Leave out the pictures and give back all the entries exactly as written.

[Spatial localization data]
▬▬▬▬▬▬▬▬▬▬
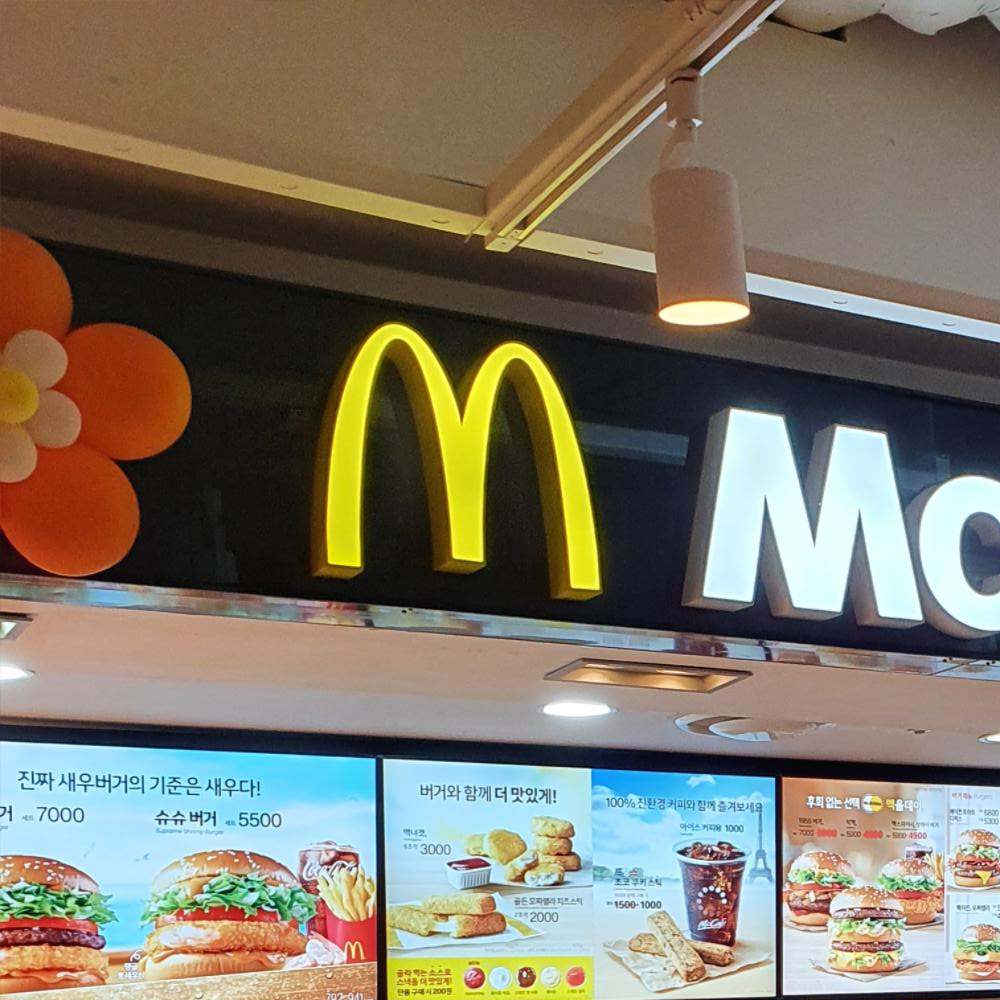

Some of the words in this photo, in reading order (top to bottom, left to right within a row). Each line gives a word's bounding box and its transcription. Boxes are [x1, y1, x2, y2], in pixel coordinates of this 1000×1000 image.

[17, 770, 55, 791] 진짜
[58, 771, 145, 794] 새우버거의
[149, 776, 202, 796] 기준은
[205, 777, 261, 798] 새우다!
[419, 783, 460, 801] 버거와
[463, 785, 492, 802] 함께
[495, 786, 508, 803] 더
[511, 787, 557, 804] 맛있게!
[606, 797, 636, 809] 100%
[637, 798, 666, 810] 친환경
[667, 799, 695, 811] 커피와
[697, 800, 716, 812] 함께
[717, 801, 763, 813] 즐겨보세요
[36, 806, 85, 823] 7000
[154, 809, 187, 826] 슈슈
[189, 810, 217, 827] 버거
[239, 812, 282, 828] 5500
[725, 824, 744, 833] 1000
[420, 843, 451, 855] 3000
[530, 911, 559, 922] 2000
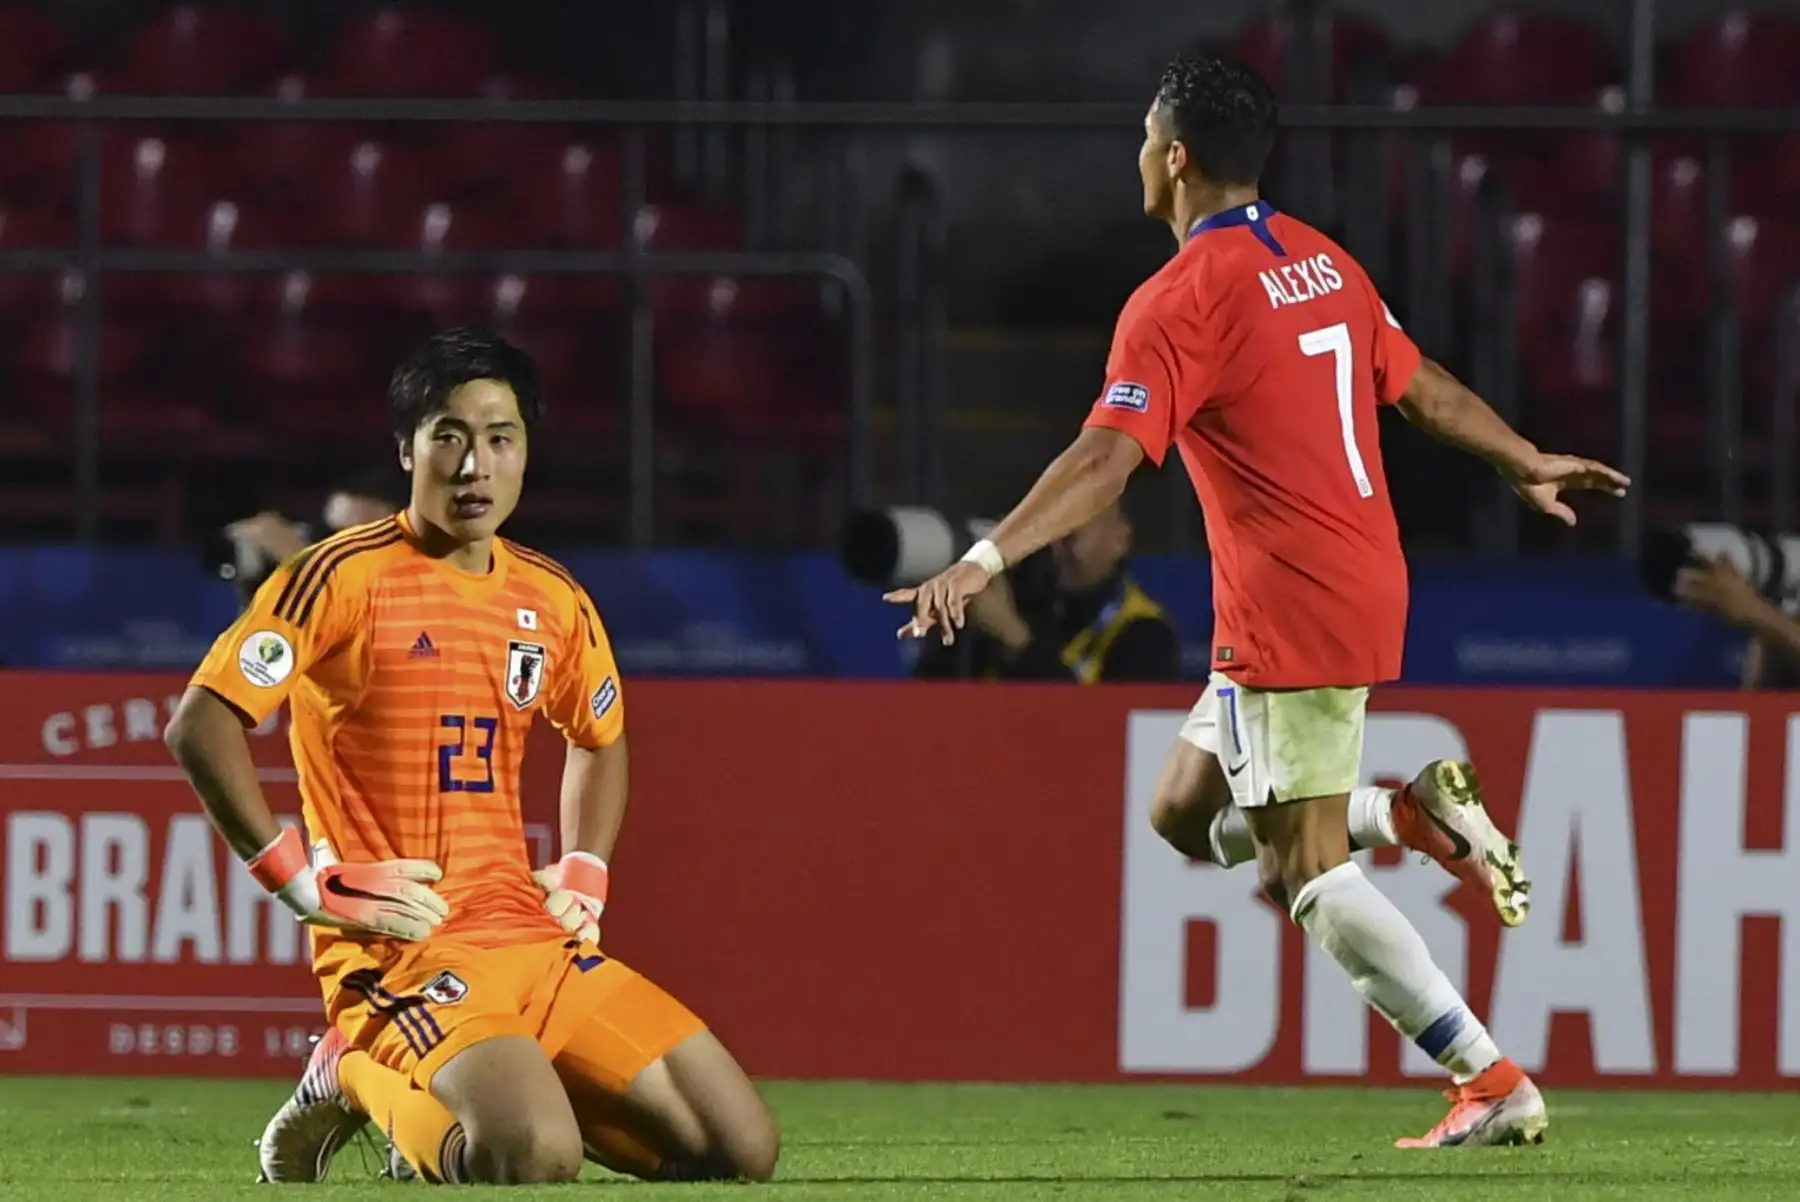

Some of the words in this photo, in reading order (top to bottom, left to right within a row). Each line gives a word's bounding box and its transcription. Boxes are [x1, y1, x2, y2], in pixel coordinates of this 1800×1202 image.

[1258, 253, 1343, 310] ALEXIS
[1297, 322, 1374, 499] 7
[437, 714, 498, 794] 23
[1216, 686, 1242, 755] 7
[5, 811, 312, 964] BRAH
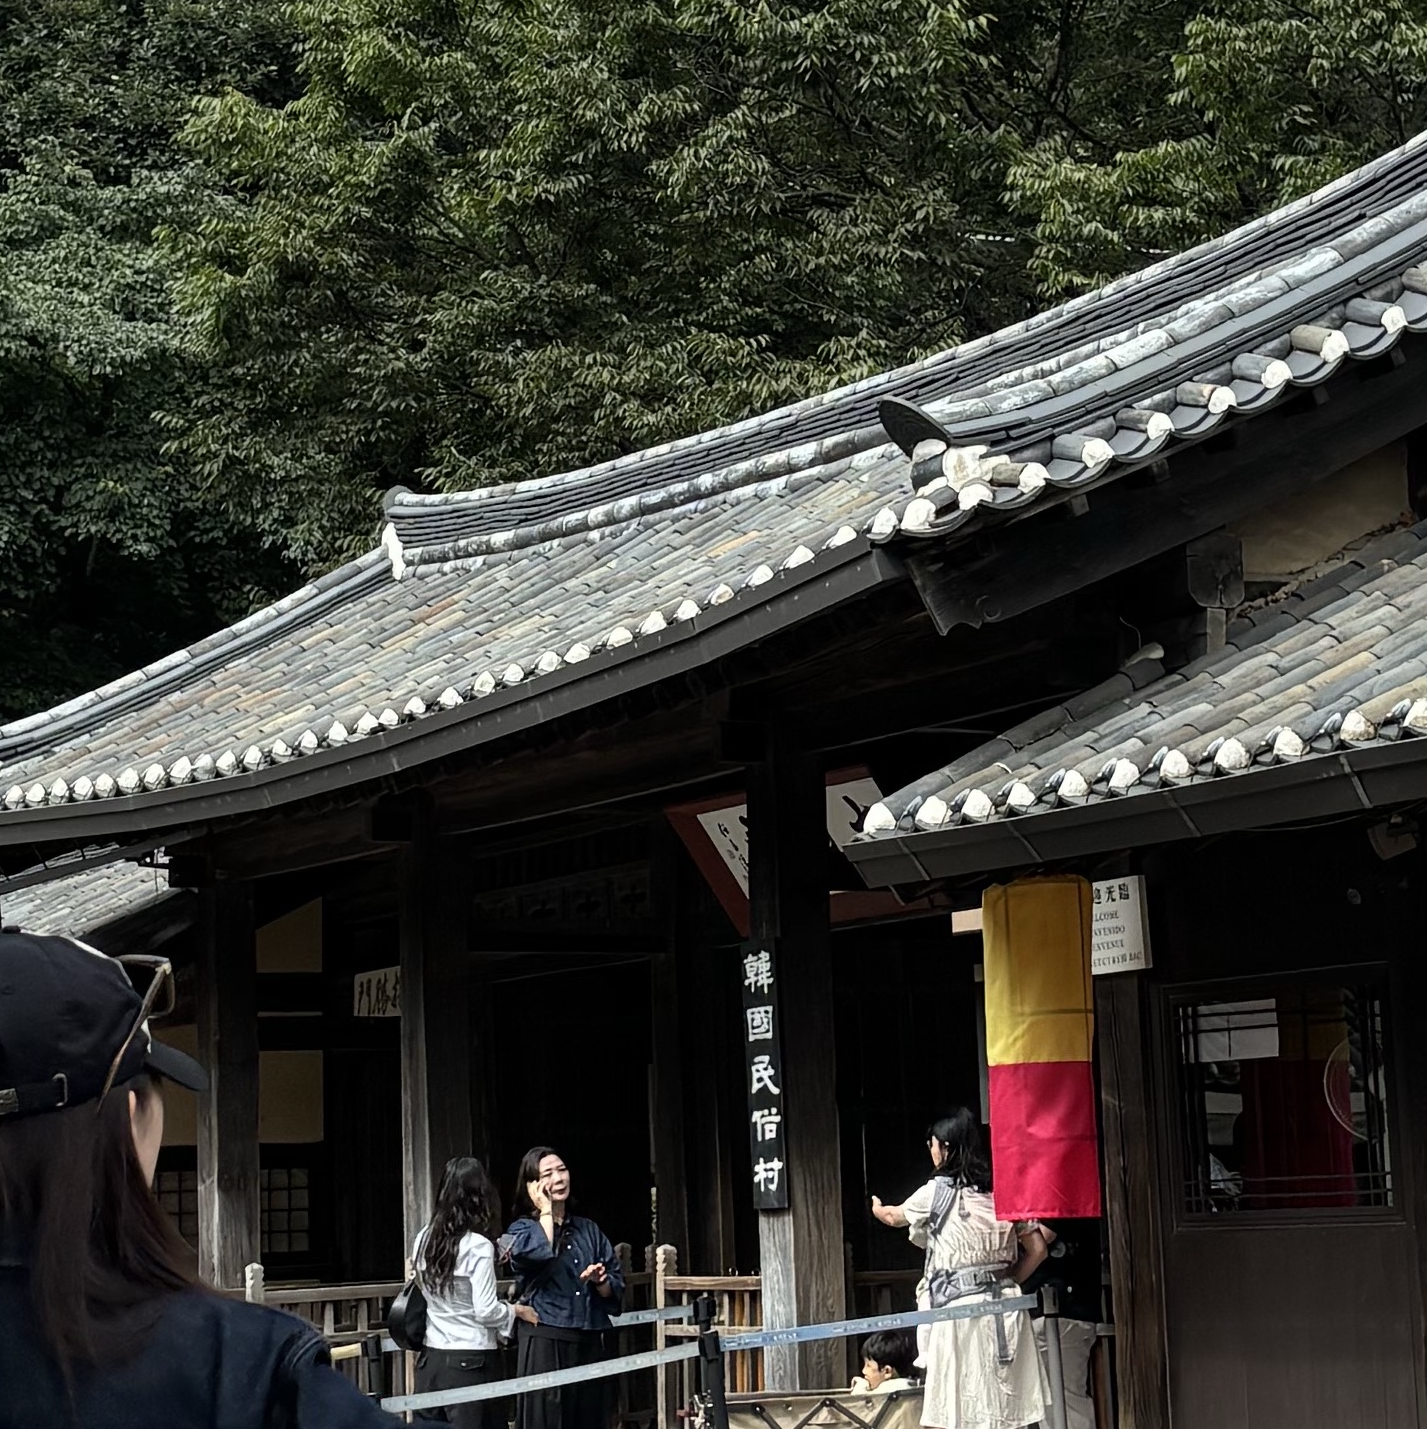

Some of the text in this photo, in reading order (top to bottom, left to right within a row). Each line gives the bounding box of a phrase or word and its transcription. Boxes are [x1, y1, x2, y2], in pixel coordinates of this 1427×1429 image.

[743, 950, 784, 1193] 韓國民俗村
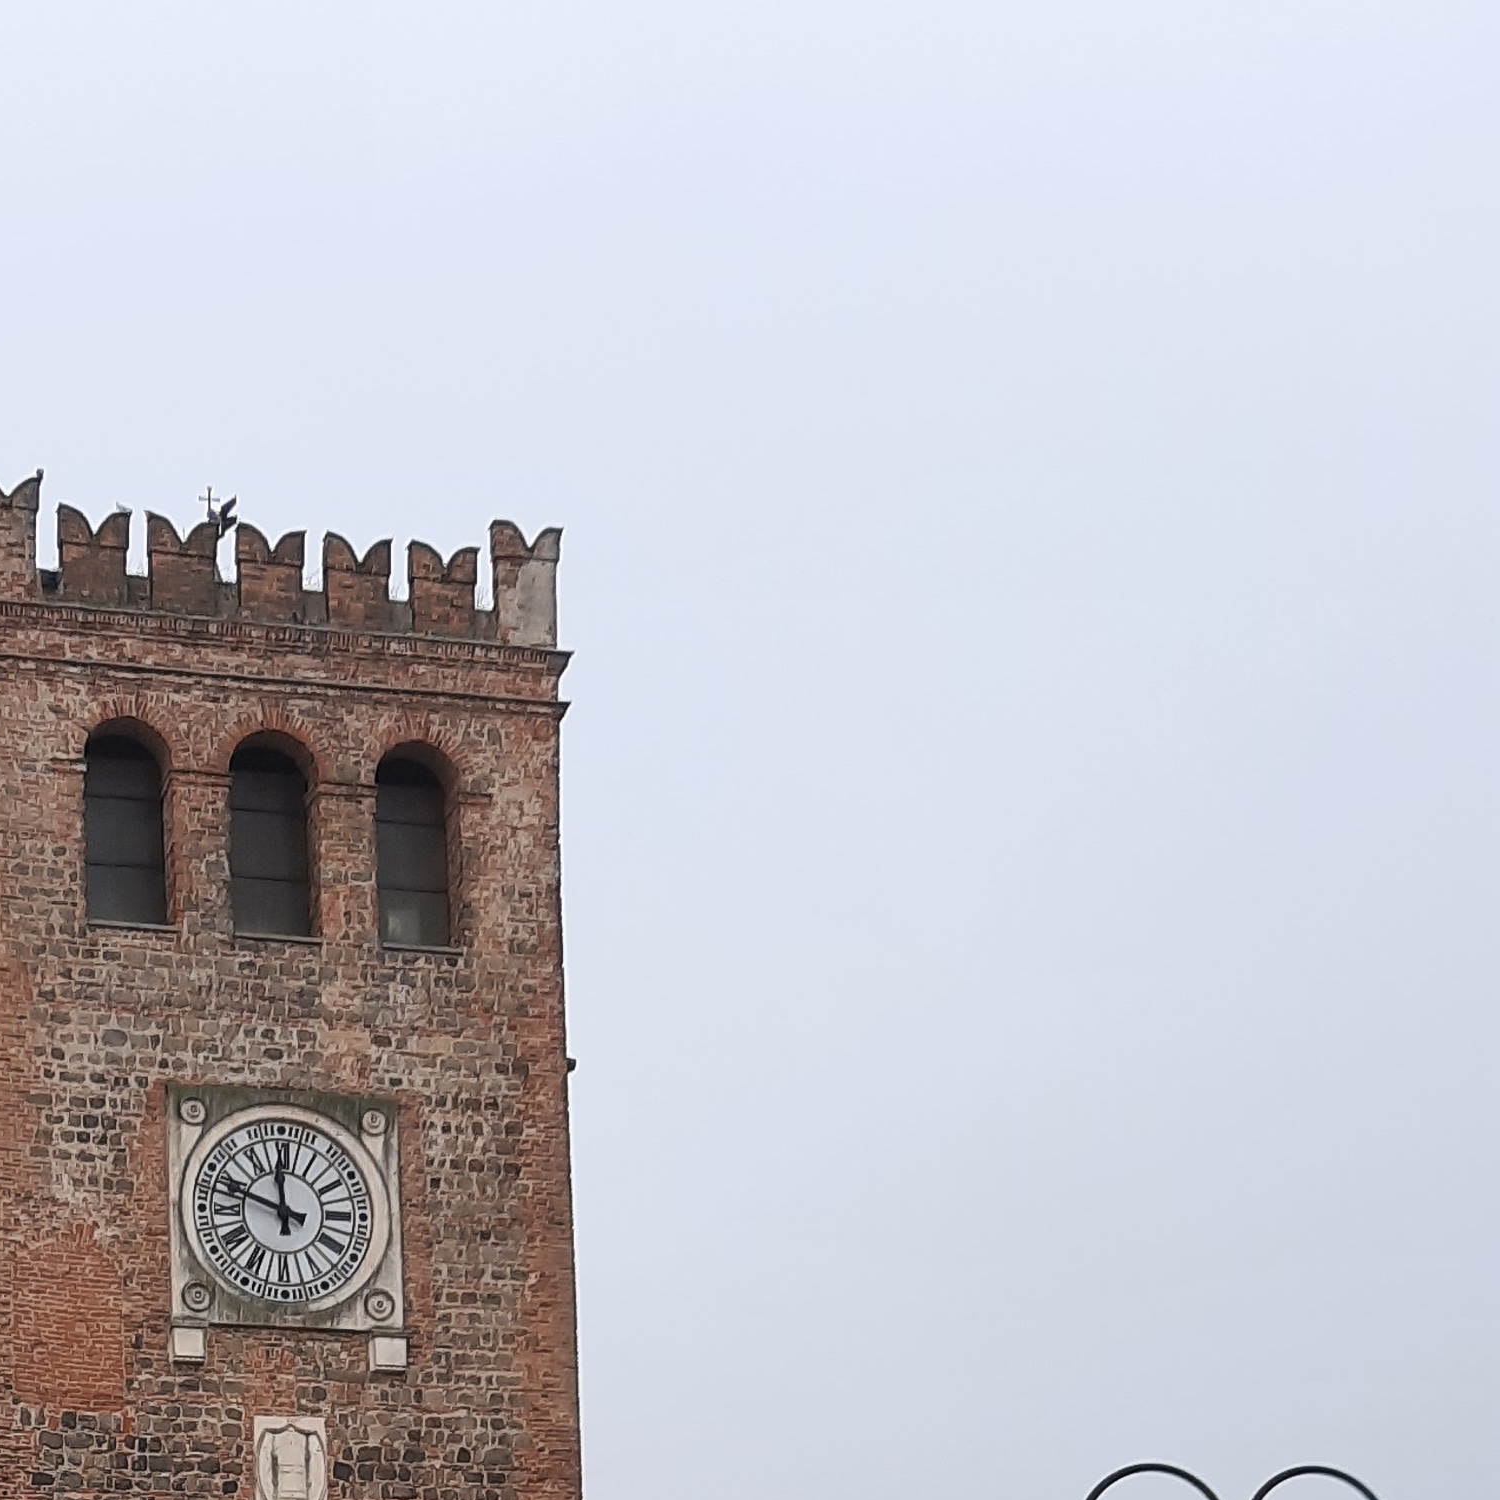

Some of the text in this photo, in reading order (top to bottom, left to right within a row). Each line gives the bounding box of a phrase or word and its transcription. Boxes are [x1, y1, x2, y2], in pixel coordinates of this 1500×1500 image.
▬▬▬▬▬▬▬▬▬▬
Expected answer
Some of the words in this photo, in reading order (top to bottom, left to right within a row). Each line gives a word's bounding box and its transcription. Boxes are [x1, y1, x2, y2], in pixel coordinates of this 1000×1000 image.

[17, 770, 55, 791] 진짜
[58, 771, 145, 794] 새우버거의
[149, 776, 202, 796] 기준은
[205, 777, 261, 798] 새우다!
[419, 783, 460, 801] 버거와
[463, 785, 492, 802] 함께
[495, 786, 508, 803] 더
[511, 787, 557, 804] 맛있게!
[606, 797, 636, 809] 100%
[637, 798, 666, 810] 친환경
[667, 799, 695, 811] 커피와
[697, 800, 716, 812] 함께
[717, 801, 763, 813] 즐겨보세요
[36, 806, 85, 823] 7000
[154, 809, 187, 826] 슈슈
[189, 810, 217, 827] 버거
[239, 812, 282, 828] 5500
[725, 824, 744, 833] 1000
[420, 843, 451, 855] 3000
[530, 911, 559, 922] 2000

Some of the words in this photo, in reading order (top to bottom, left to right within a row). Each line gives a word's bounding box and its transcription. Boxes are [x1, y1, x2, y2], in pixel coordinates of this 1800×1202 image.

[1258, 253, 1343, 310] ALEXIS
[1297, 322, 1374, 499] 7
[437, 714, 498, 794] 23
[1216, 686, 1242, 755] 7
[5, 811, 312, 964] BRAH

Some of the text in this photo, in reading order (top to bottom, left to right within a row). Each line gives the bounding box of a phrase or word and its transcription. Boxes are [x1, y1, x2, y2], in pixel coordinates of this 1427×1429 image.

[743, 950, 784, 1193] 韓國民俗村

Some of the text in this photo, in reading order (top to bottom, left to right within a row). Each line gives the bounding box of a phrase or word and its transcription. Boxes are [x1, y1, x2, y2], in pixel coordinates of this 1500×1500 image.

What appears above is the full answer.